What to produce -
Find "Some of the words" in the material below, then copy that line and every subsequent line to the end, exactly.

Provided data -
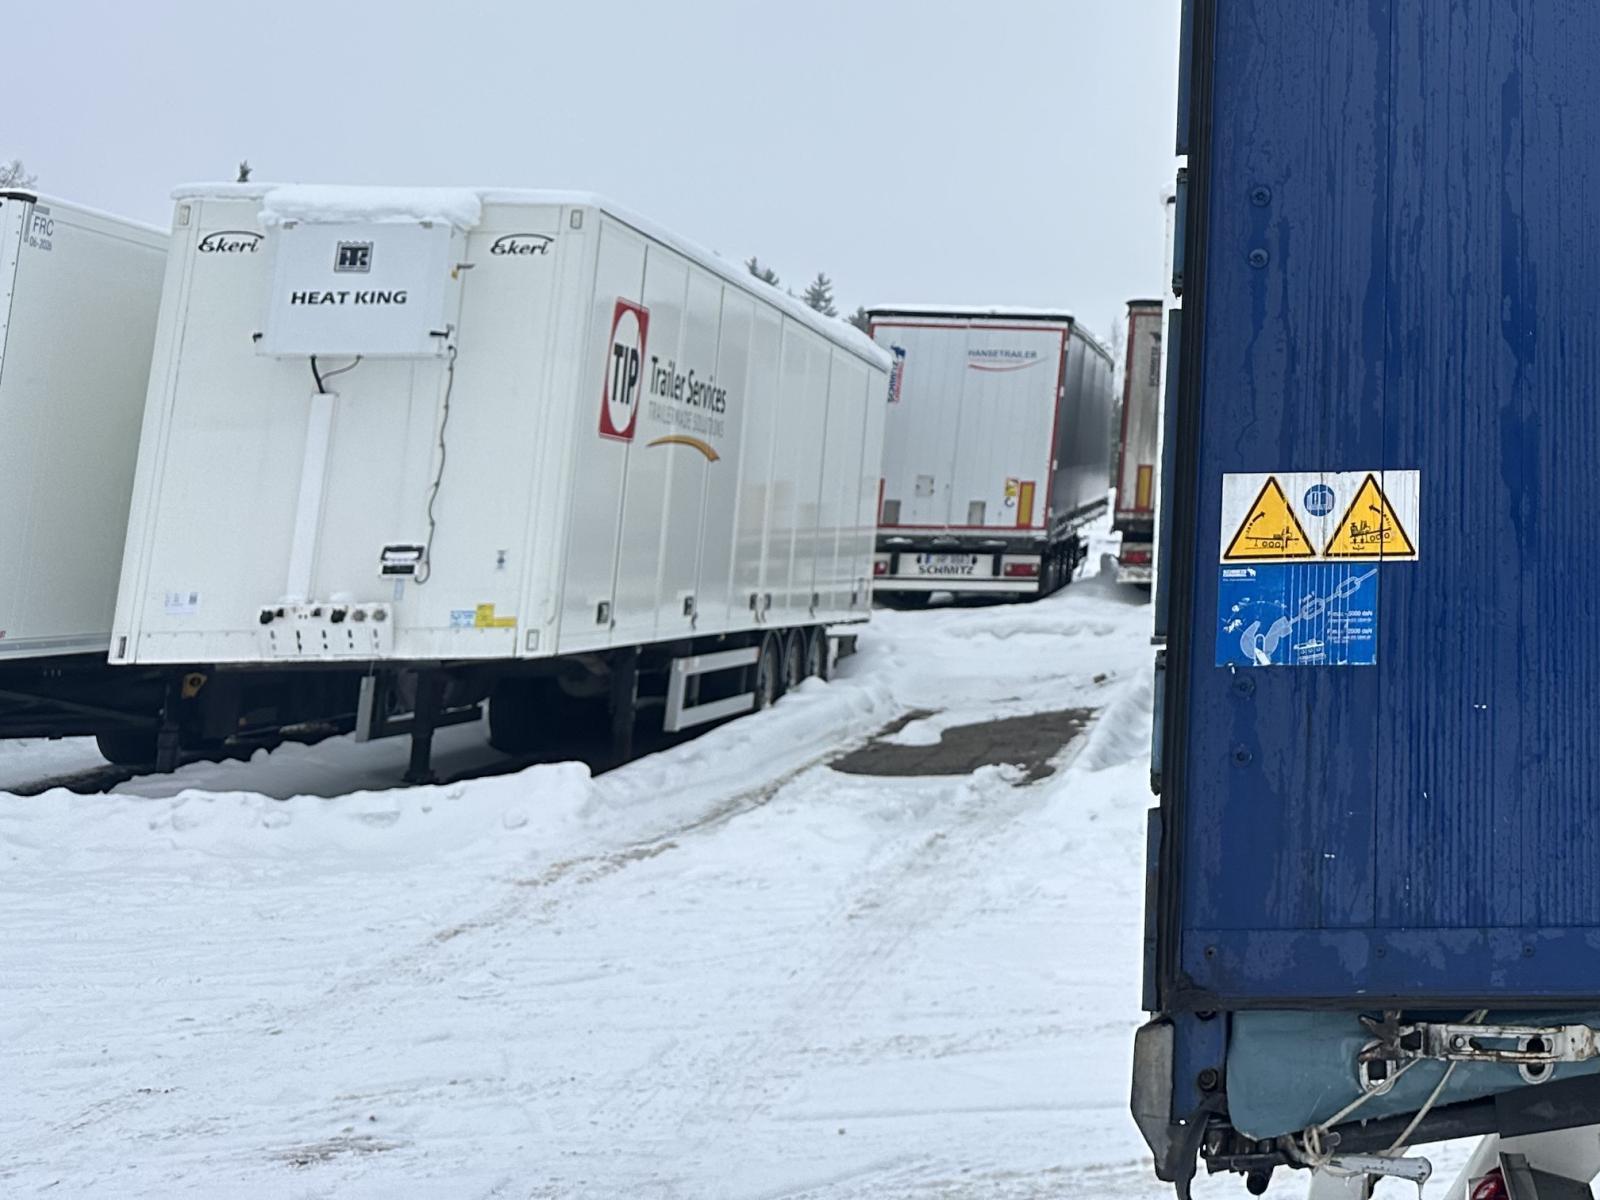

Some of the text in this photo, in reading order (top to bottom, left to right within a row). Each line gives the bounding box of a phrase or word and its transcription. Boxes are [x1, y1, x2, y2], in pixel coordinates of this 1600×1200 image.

[33, 215, 54, 236] FRC
[199, 230, 264, 252] Ekeri
[490, 233, 554, 255] Ekeri
[291, 290, 408, 305] HEAT KING
[612, 342, 640, 404] TIP
[650, 355, 727, 414] Trailer Services
[919, 565, 974, 576] SCHMITZ
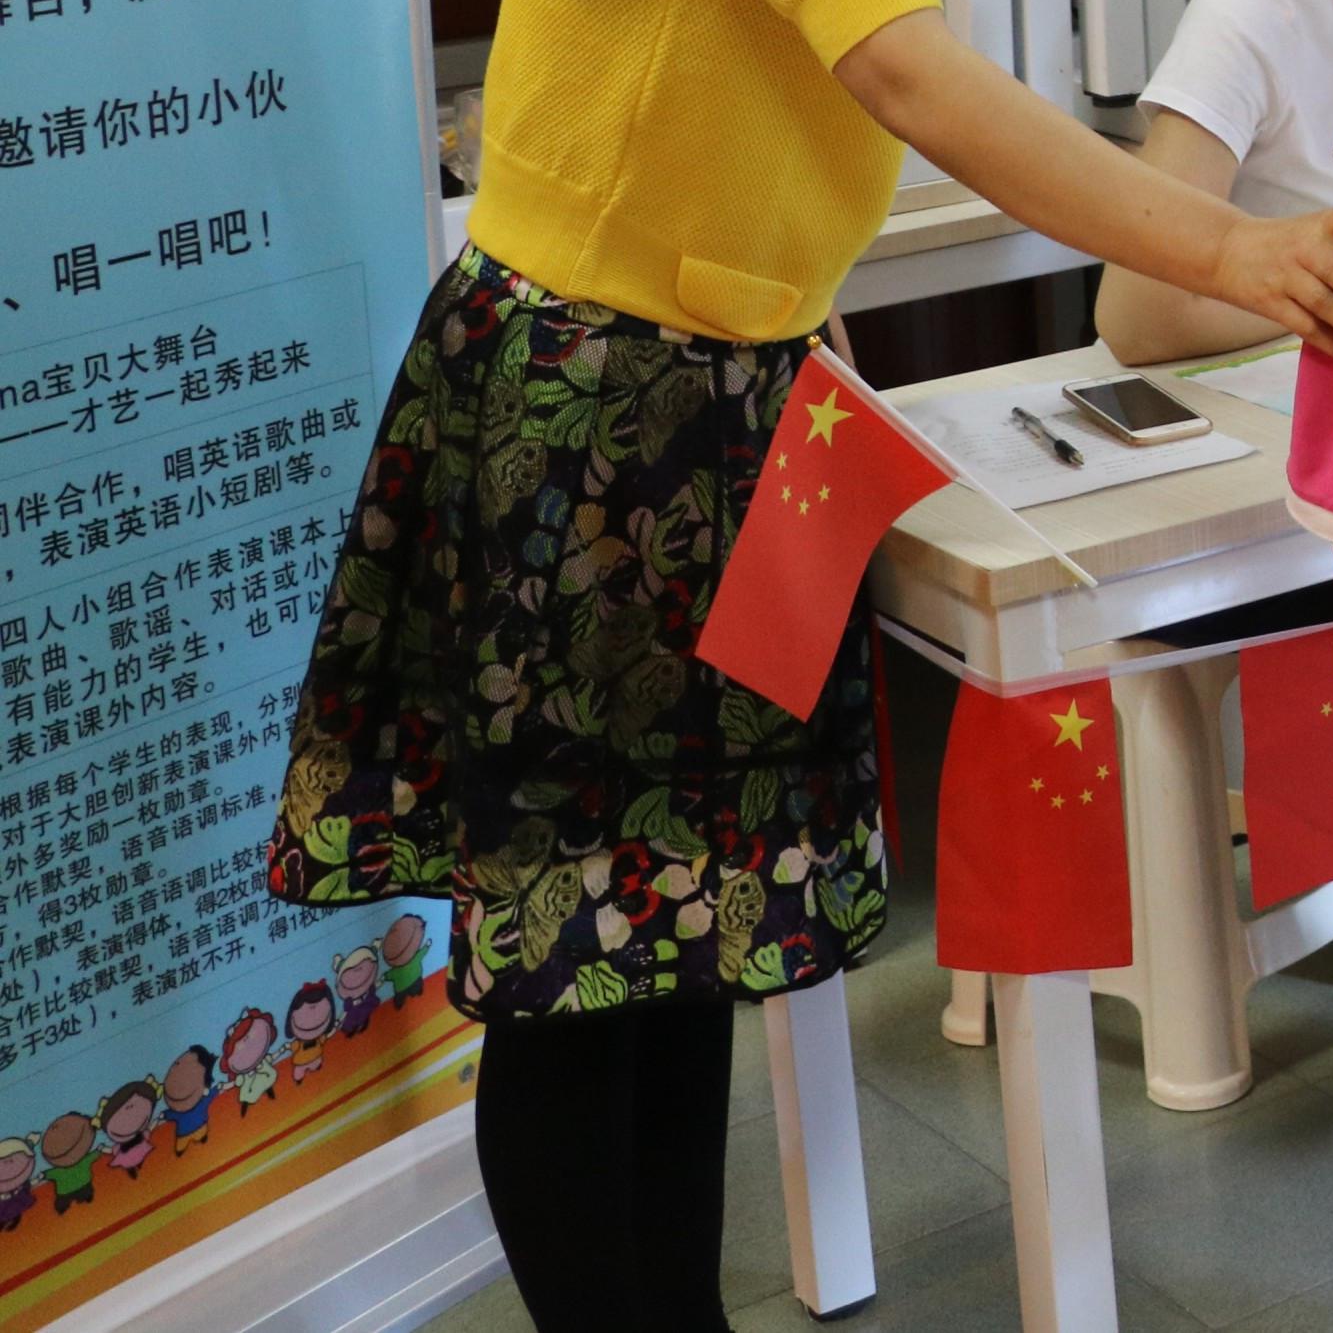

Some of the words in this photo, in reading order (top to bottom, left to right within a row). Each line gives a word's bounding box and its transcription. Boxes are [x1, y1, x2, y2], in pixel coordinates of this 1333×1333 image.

[0, 68, 288, 168] 邀请你的小伙
[0, 507, 354, 652] 四人小组合作表演课本上
[1, 542, 345, 689] 歌曲、歌谣、对话或小
[0, 860, 168, 946] ，得3枚勋章。
[0, 837, 272, 979] 作默契，语音语调比较
[0, 896, 289, 1038] 合作比较默契，语音语调方

Your response -
Some of the words in this photo, in reading order (top to bottom, left to right within a row). Each line gives a word's bounding box and its transcription. Boxes are [x1, y1, x2, y2], in pixel coordinates of this 1333×1333 image.

[0, 68, 288, 168] 邀请你的小伙
[0, 507, 354, 652] 四人小组合作表演课本上
[1, 542, 345, 689] 歌曲、歌谣、对话或小
[0, 860, 168, 946] ，得3枚勋章。
[0, 837, 272, 979] 作默契，语音语调比较
[0, 896, 289, 1038] 合作比较默契，语音语调方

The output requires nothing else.